In May of 1985, Rollins wrote a few dozen words in his journal, lying back on a hotel room bed, watching
Charlie's Angel Cheryl Ladd in a bad telemovie. His brain decided to add a surreal bent to what began as a fairly average sexual fantasy. He jotted down his thoughts as quickly as they filled his mind. It's probably the most graphic example of how Rollins writing can sometimes impact like a hammer strike "(Cheryl Ladd) has this high forehead. It looked like it was made out of porcelain, like the side of a piggy bank... I wanted to take a big bite out of it, like taking a bite out of the side of a chocolate cream-filled Easter Bunny. Yeah, I take big bite out of her head. Flesh, skull and brains are in my mouth. I eat it. Cheryl Ladd's brains and heck she's so darned pretty that any part of her would be nice. I stick my cock in the hole. I f@#k her brains out."
At 33, Rollins is not particularly bothered by the thoughts that might have prowled his mind at the time. He points out that you have bizarre and uncontrolled, uninhibited thoughts at 22 or 23. Most people just don't make a record of them.
"The skullf@#king Cheryl Ladd thing was a wonderful, artistic little idea I had there," says Rollins.

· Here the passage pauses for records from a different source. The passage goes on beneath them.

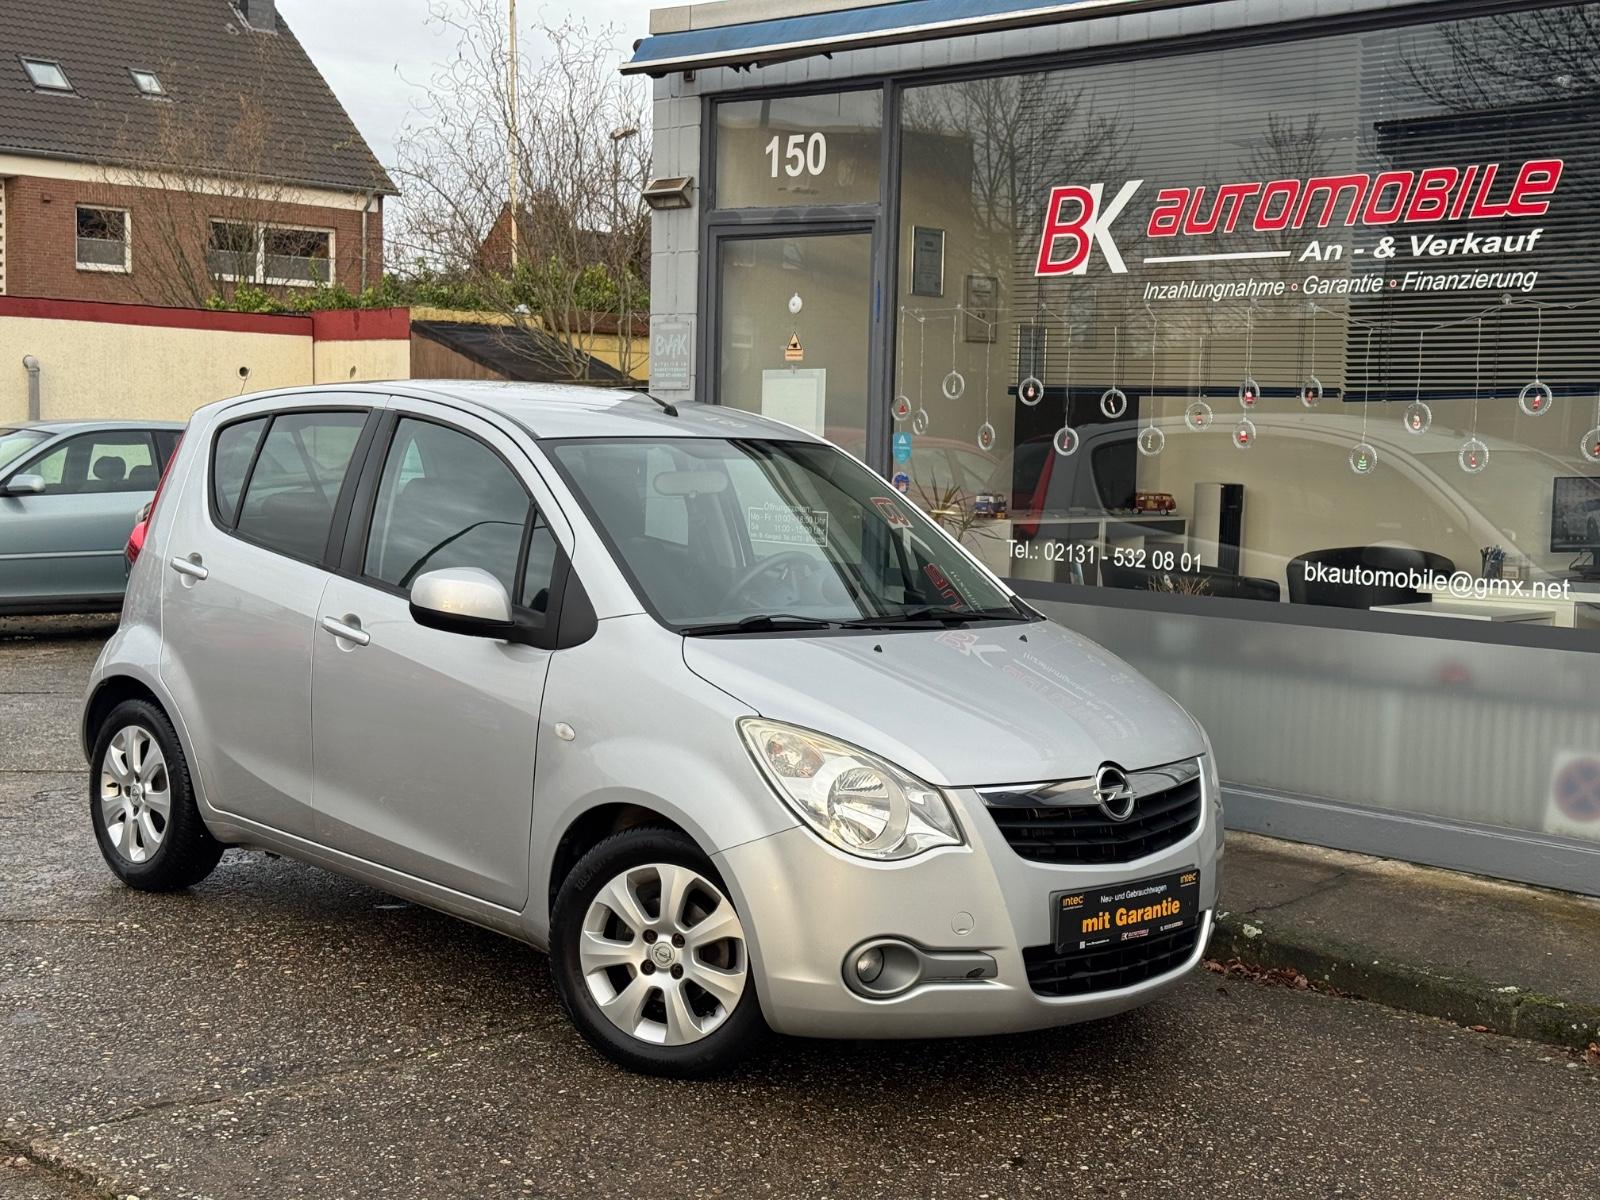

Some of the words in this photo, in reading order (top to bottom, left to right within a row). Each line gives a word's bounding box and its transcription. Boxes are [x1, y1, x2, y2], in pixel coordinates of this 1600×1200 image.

[765, 132, 827, 178] 150
[1034, 179, 1144, 277] BK
[1298, 240, 1343, 262] An
[1373, 236, 1396, 259] &
[1410, 229, 1544, 257] Verkauf
[1143, 278, 1286, 303] Inzahlungnahme
[1302, 273, 1384, 295] Garantie
[1401, 269, 1539, 293] Finanzierung
[1006, 539, 1038, 560] Tel.:
[1044, 542, 1095, 565] 02131
[1113, 547, 1147, 568] 532
[1152, 550, 1175, 571] 08
[1180, 552, 1202, 573] 01
[1304, 560, 1571, 601] bkautomobile@gmx.net
[1062, 895, 1084, 907] intec
[1100, 894, 1114, 903] Neu-
[1114, 891, 1125, 901] und
[1125, 884, 1168, 899] Gebrauchtwagen
[1082, 911, 1110, 933] mit
[1115, 897, 1181, 926] Garantie

"If you want me to f@#k your brains out baby, well okay, let's get out the drill, get in there and start poking the lobes (laughs)."
These days Rollins' journal is more likely to contain details of how he spent his day, for the permanent record. He fears forgetting everything, so he fills the gaps with the journals.
Rollins' schedule for 1995 leaves little time for these rambling, exploring adventures in his own imagination. While he sometimes longs for the solitude and time to do the deep thinking he did when he would lay for whole nights in the darkness in the back of an equipment truck, Rollins knows there will be plenty of time for all that later on in life. Now is definitely the time for action.
Rollins powers through his working hours, effectively carving up each to cover a dozen different bases. A new record label now accompanies 2.13.61. The load is not only heavier, but wider across the shoulders.
"My mind tends to work more effectively these days," says Rollins. "Now I'm not as artistically inclined. I use less adjectives in my life."